Records supplied section start

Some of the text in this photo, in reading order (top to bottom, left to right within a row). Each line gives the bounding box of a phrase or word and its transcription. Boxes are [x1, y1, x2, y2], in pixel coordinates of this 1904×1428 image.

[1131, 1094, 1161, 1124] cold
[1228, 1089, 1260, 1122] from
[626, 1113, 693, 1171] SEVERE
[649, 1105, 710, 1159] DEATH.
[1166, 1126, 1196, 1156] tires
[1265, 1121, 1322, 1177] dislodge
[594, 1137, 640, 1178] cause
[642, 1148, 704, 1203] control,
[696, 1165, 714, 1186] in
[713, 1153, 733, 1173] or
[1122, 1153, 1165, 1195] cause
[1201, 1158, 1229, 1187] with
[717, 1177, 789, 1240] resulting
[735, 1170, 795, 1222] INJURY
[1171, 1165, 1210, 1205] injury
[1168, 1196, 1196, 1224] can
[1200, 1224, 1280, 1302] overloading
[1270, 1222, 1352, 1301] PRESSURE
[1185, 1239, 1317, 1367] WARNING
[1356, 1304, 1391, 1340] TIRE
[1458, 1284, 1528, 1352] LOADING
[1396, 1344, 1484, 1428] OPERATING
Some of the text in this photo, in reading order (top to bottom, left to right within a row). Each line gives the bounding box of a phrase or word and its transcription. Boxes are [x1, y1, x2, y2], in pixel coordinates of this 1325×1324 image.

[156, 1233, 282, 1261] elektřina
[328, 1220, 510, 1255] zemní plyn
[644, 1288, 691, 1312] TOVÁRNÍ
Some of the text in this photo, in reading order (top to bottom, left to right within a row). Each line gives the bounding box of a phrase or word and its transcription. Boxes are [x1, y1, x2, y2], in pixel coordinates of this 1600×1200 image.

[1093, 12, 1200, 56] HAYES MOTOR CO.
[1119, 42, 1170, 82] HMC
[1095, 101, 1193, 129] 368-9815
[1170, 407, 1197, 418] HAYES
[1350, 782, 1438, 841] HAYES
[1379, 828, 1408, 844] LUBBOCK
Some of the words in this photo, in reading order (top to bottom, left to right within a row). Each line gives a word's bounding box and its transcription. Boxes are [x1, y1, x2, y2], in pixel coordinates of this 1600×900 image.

Records supplied section end

Work item: Without leaving anything out, give the entries again exactly.

Solved exercise:
Some of the text in this photo, in reading order (top to bottom, left to right within a row). Each line gives the bounding box of a phrase or word and its transcription. Boxes are [x1, y1, x2, y2], in pixel coordinates of this 1904×1428 image.

[1131, 1094, 1161, 1124] cold
[1228, 1089, 1260, 1122] from
[626, 1113, 693, 1171] SEVERE
[649, 1105, 710, 1159] DEATH.
[1166, 1126, 1196, 1156] tires
[1265, 1121, 1322, 1177] dislodge
[594, 1137, 640, 1178] cause
[642, 1148, 704, 1203] control,
[696, 1165, 714, 1186] in
[713, 1153, 733, 1173] or
[1122, 1153, 1165, 1195] cause
[1201, 1158, 1229, 1187] with
[717, 1177, 789, 1240] resulting
[735, 1170, 795, 1222] INJURY
[1171, 1165, 1210, 1205] injury
[1168, 1196, 1196, 1224] can
[1200, 1224, 1280, 1302] overloading
[1270, 1222, 1352, 1301] PRESSURE
[1185, 1239, 1317, 1367] WARNING
[1356, 1304, 1391, 1340] TIRE
[1458, 1284, 1528, 1352] LOADING
[1396, 1344, 1484, 1428] OPERATING
Some of the text in this photo, in reading order (top to bottom, left to right within a row). Each line gives the bounding box of a phrase or word and its transcription. Boxes are [x1, y1, x2, y2], in pixel coordinates of this 1325×1324 image.

[156, 1233, 282, 1261] elektřina
[328, 1220, 510, 1255] zemní plyn
[644, 1288, 691, 1312] TOVÁRNÍ
Some of the text in this photo, in reading order (top to bottom, left to right within a row). Each line gives the bounding box of a phrase or word and its transcription. Boxes are [x1, y1, x2, y2], in pixel coordinates of this 1600×1200 image.

[1093, 12, 1200, 56] HAYES MOTOR CO.
[1119, 42, 1170, 82] HMC
[1095, 101, 1193, 129] 368-9815
[1170, 407, 1197, 418] HAYES
[1350, 782, 1438, 841] HAYES
[1379, 828, 1408, 844] LUBBOCK
Some of the words in this photo, in reading order (top to bottom, left to right within a row). Each line gives a word's bounding box and its transcription. Boxes are [x1, y1, x2, y2], in pixel coordinates of this 1600×900 image.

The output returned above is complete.